The idea is widespread that there are currently insufficient analytical methods available to characterize nanomaterials and adequately address the requirement for labelling of nano-ingredients in cosmetic products. An idea that Georges Favre, Director of the LNE Nanotech Institute, wanted to break new ground at the 16th Cosmetic Valley Perfumes and Cosmetics Congress, where he detailed the obligations imposed by the regulations and the various techniques available to meet them.
“I want to go against the idea that it is not possible to characterize nanoparticles: today, there are ways to do so and we are moving in the right direction”, Georges Favre said from the outset.

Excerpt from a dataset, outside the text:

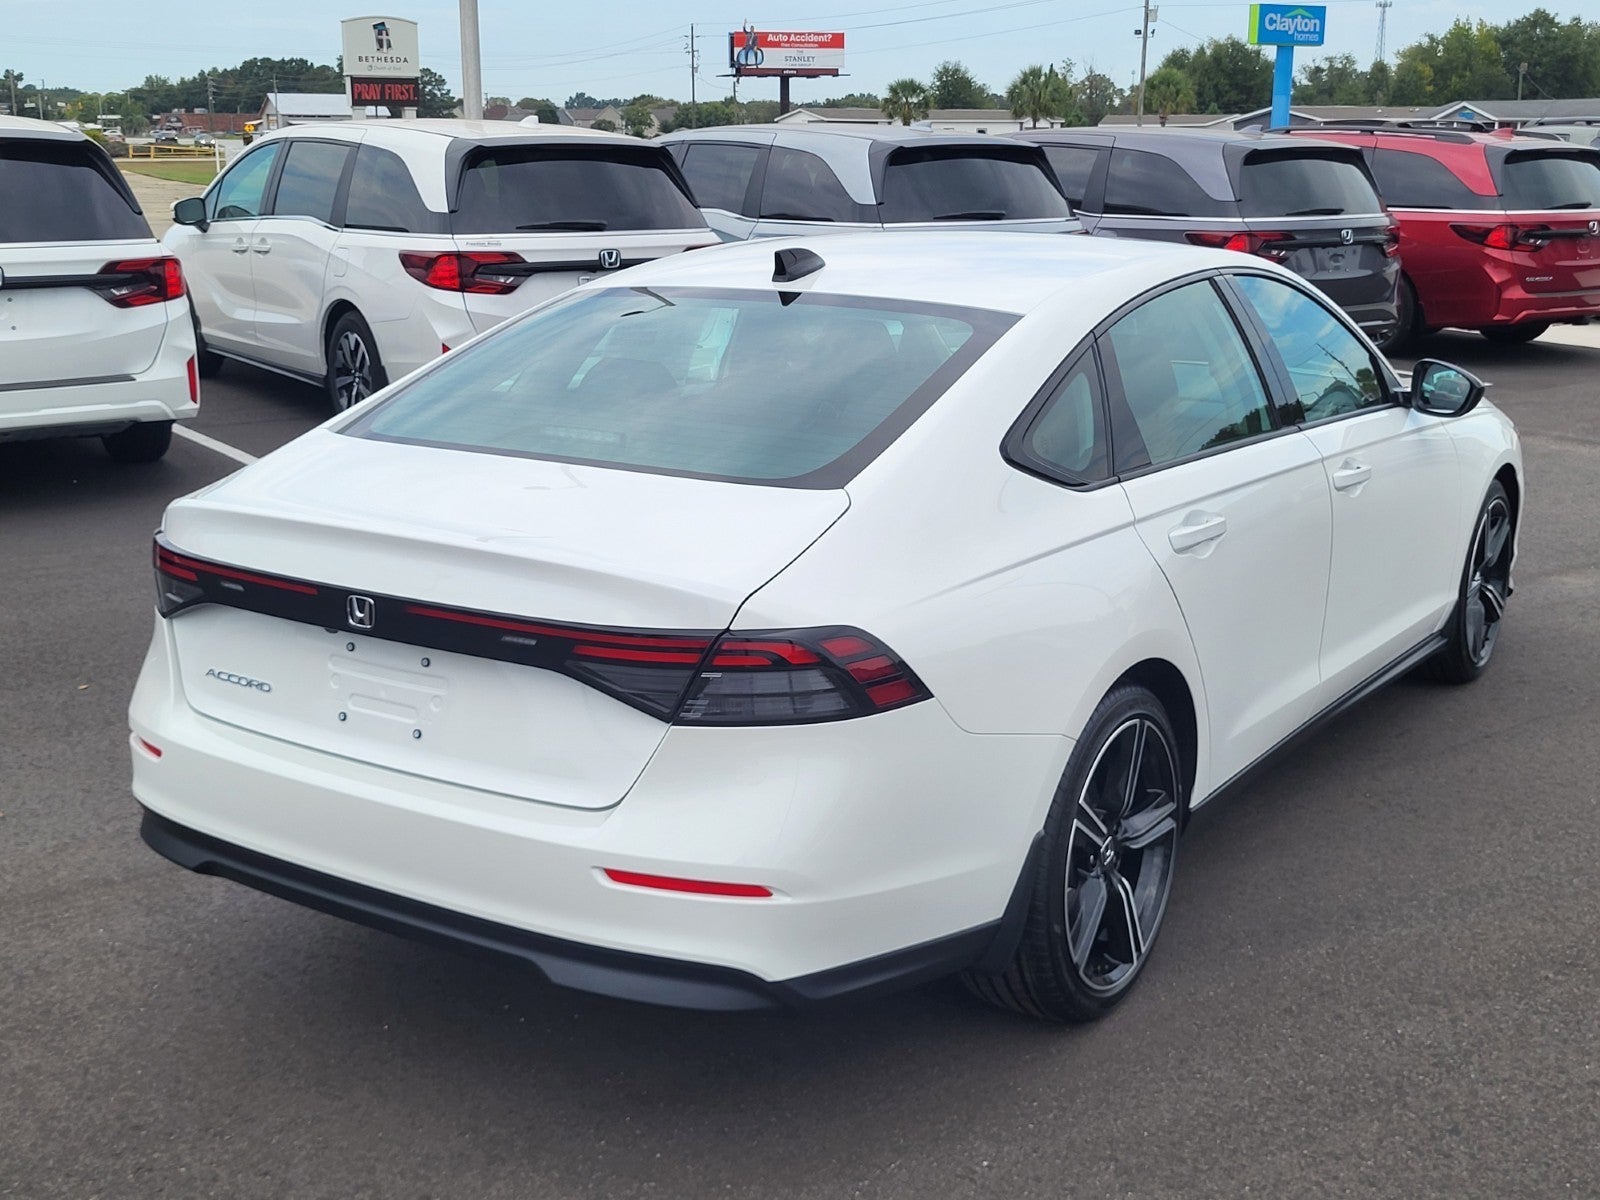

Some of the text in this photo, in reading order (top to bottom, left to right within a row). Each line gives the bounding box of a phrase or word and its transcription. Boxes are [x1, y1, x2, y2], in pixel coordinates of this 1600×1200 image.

Its laboratory, the LNE (Laboratoire National de Métrologie et d’Essais) is an EPIC (Établissement Public à caractère Industriel et Commercial) placed under the supervision of the Ministry of Industry. It has 55,000 m² of laboratories, 30 teams of multidisciplinary experts and 750 employees, three-quarters of whom are technicians, engineers and researchers. In 2016, it achieved a turnover of 85 million euros, 24% of its budget is dedicated to R&D. It has 8,000 customers, more than 70% of whom are industrial companies, local authorities and associations.

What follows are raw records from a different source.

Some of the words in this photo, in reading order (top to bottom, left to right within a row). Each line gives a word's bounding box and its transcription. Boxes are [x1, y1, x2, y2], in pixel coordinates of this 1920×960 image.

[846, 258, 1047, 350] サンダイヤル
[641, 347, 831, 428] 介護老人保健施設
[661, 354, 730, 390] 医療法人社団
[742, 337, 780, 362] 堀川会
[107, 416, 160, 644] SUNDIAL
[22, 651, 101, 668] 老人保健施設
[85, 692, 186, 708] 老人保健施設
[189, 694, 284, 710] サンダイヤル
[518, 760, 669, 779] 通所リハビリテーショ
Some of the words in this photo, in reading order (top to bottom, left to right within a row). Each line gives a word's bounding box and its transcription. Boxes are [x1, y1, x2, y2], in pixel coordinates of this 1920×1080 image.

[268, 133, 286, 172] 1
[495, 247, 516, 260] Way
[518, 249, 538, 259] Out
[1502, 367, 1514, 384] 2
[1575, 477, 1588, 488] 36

The value of nanomaterials
Nanomaterials are very interesting chemical substances, he recalled: when the particle size is reduced to a scale of 1 to 100 nanometers (according to regulatory definitions), new properties appear, either totally new as specific physico-chemical properties (changes in optical properties (color), thermal properties or antibacterial effect…), or linked to the large specific surface area of the materials considered, by demultiplified interface effects.